D’ailleurs c’est un autre aspect sympa des rappeurs de Grigny. Dans leurs projets ils invitent souvent leurs potes, ça donne un aspect convivial réunion d’anciens élèves autour d’un barbecue de merguez. Parfois on retrouve un mec en feat qu’on n’avait pas entendu depuis quelques temps mais qu’on aime bien et ça fait plaisir de le réentendre. Ou d’entendre des gens que t’as entendu sur leur premier morceau studio quand ils étaient encore mineur évoluer au fil des ans. Cela dit, il y a aussi quelques feats extra grignois et même extra essonniens dans cet album avec MAS et Sultan mais en même temps, ils sont surtout là pour des refrains parce que niveau MCing y avait tout ce qu’il fallait sur place, exception faite pour le troisième invité à nous venir d’une autre ville : Alpha 5.20. Et même si ça n’a rien d’étonnant vu que le Ghetto Fabulous Gang a toujours connecté avec la scène locale et qu’ils jouent toujours un peu à domicile chez les grignois, avoir un couplet de la Pharmacie de Dakar inédit qu’on a décoffré pour l’occasion, c’est un petit plus. Surtout quand c’est un couplet qui commence direct par un gros égotrip impliquant Memphis et Project Pat. On apprécie. Et pour couronner le tout, il y a aussi Castor « Skinny » Troy de la LMC Click qui, contrairement à ses copains de micros Juicy P et Jack Many, n’avait jamais rappé avec Alpha. On retrouve aussi cet aspect album de famille dont je parlais à propos de la scène rap de Grigny.
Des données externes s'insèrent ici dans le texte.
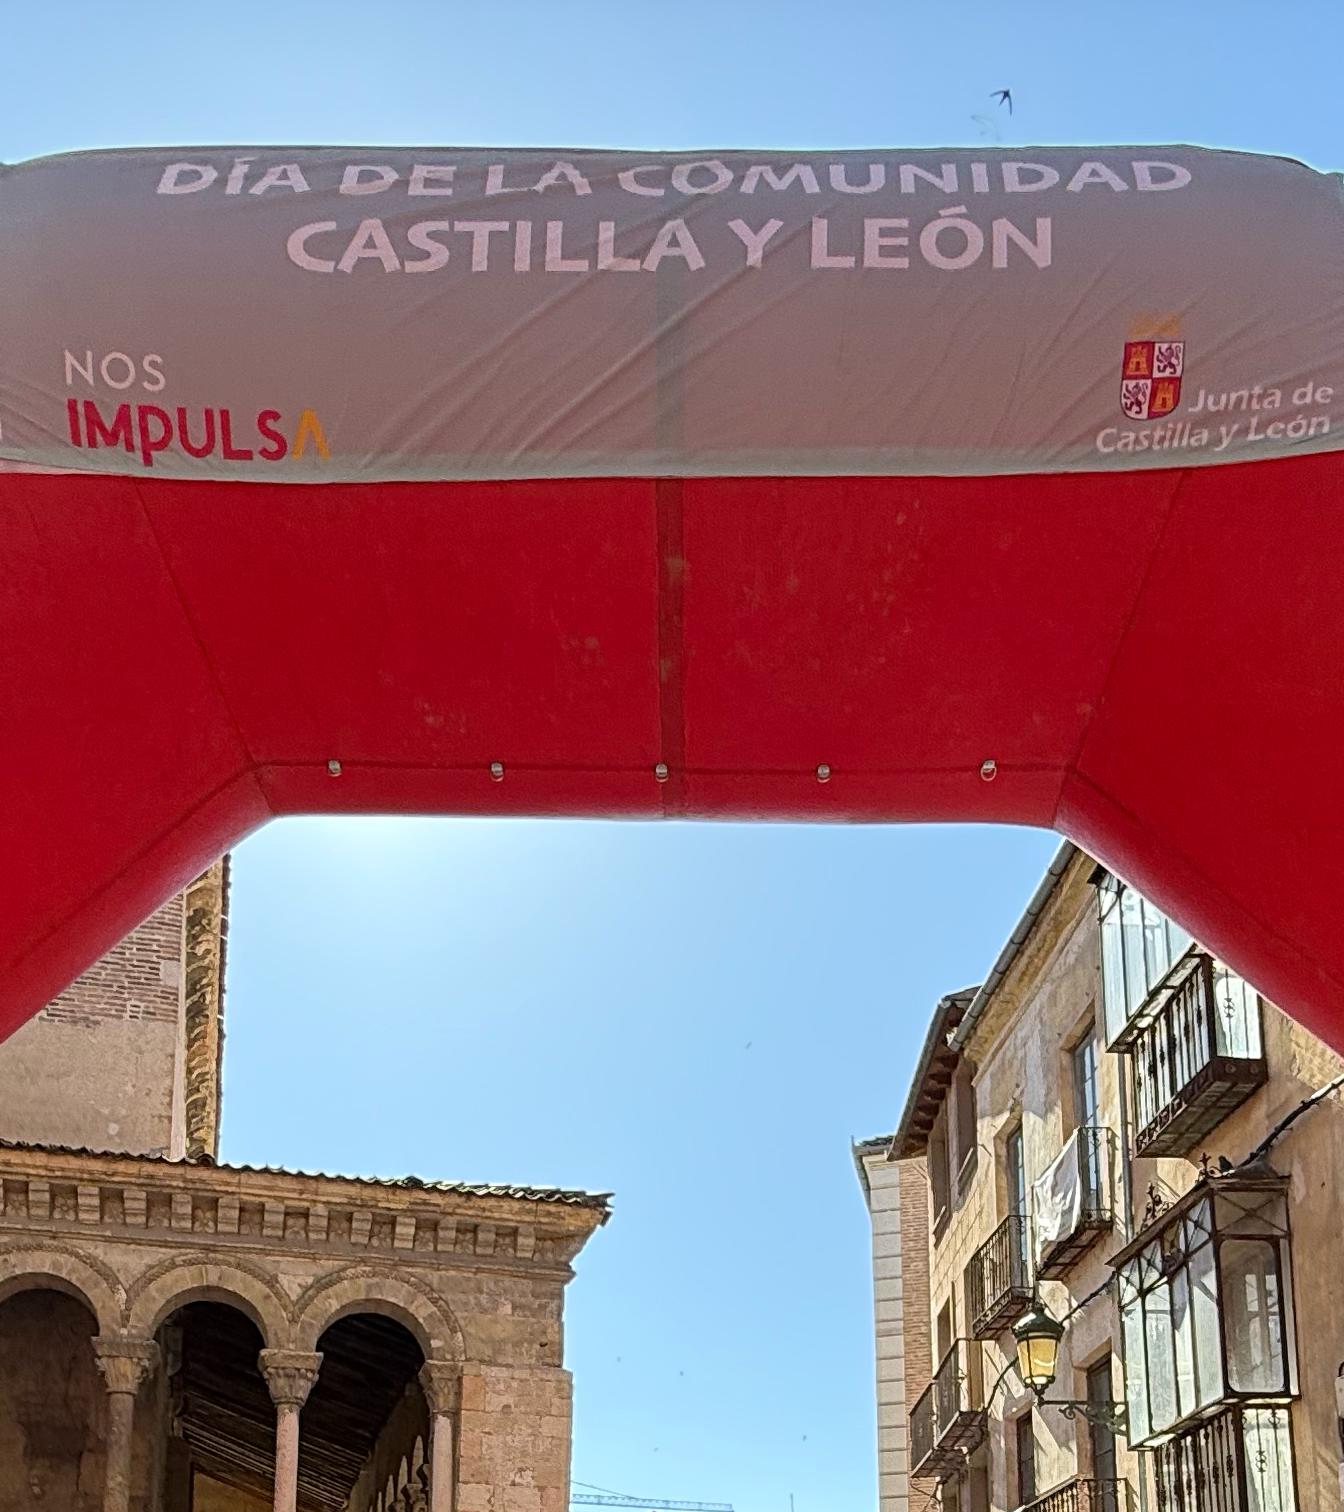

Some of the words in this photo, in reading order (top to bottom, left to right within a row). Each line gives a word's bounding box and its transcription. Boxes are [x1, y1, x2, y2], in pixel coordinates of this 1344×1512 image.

Troy que l’on retrouve par ailleurs sur un autre bon morceau de CMF 1, le membre le moins connu des LMC est en jambe et nous livre deux prestations enthousiasmantes sur son univers coloré qui a de bons arguments pour séduire les fans de Too $hort… ou de Paul Wall pour les plus débiles d’entre vous.
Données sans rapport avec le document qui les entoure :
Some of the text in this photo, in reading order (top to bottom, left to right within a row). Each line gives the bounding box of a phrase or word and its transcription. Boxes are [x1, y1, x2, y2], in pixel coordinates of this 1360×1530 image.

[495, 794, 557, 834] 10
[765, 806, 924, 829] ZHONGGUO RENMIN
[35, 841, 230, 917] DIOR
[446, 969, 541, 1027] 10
Venant grossir les rangs des autochtones de la ville du 91 conviés à la fête, on retrouve Ketokrim, frère d’arme et de rimes de Cokein depuis des temps immémoriaux, sur le refrain de Âme de guerrier puis sur Street King en compagnie du groupe Ekinox, qui est un trio de jeunes rappeurs tous terrains qui devraient faire de plus en plus parler d’eux. Comme ils le montrent sur Street King, un morceau efficace disposant d’un refrain aux voix pitchées. En gros la voix du mec est accélérée et surtout rendue très grave un peu comme avec un ballon d’hélium. C’est une astuce que Rohff utilisait souvent à une époque puis ça c’est un peu perdu et là ça réapparaît sur les radars sur CMF pour le plaisir de petits et grands. Et pour finir ce tableau, l’album se referme sur le bien nommé Trip familyGizo Evoracci (un mec du coin qui rappe avec Snoop Dogg, rien que ça), Ozer, Landers et Nolege rejoignent leur pote pour un bon petit freestyle de fin, comme le veut la tradition.
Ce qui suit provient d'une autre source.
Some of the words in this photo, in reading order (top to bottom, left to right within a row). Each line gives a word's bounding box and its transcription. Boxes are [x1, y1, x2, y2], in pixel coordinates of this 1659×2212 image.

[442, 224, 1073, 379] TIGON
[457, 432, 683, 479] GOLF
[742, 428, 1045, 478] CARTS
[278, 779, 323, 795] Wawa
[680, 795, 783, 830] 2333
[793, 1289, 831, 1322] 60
Enfin, ce n’est pas vraiment la fin vu qu’il reste un bonus derrière et que c’est tout simplement Shoot avec La Comera qui a été remis pour le plus grand malheur de vos voisins. Et ce n’est pas non plus la fin de mon petit speech, parce que dit comme ça, on dirait qu’il n’y a que les morceaux avec des invités qui valent le coup. Mais pas du tout. Ecoutez juste l’enchaînement Décalé Chinois avec I.D.C. (InDestructible Cokein) et vous verrez bien.

En définitif, ce Cokein Mother Fucker volume 1 est un long format bien travaillé, d’un rappeur qui est loin d’être un nouveau venu dans le game. Il a su prendre le temps et surtout se donner les moyens d’arriver avec un premier projet abouti qui, toutefois, sans être un album purement hardcore, ne parlera pas facilement aux auditeurs qui ne sont pas portés sur ce genre de musicalité. Cela dit, ce n’est pas peine perdue. Cokein a su rendre son rap accessible en maintenant un bon équilibre où le fond n’empiète pas sur la forme, ni l’inverse. Il faut aimer le genre mais c’est maîtrisé et pas du tout fermé comme galette. Testez par vous-même.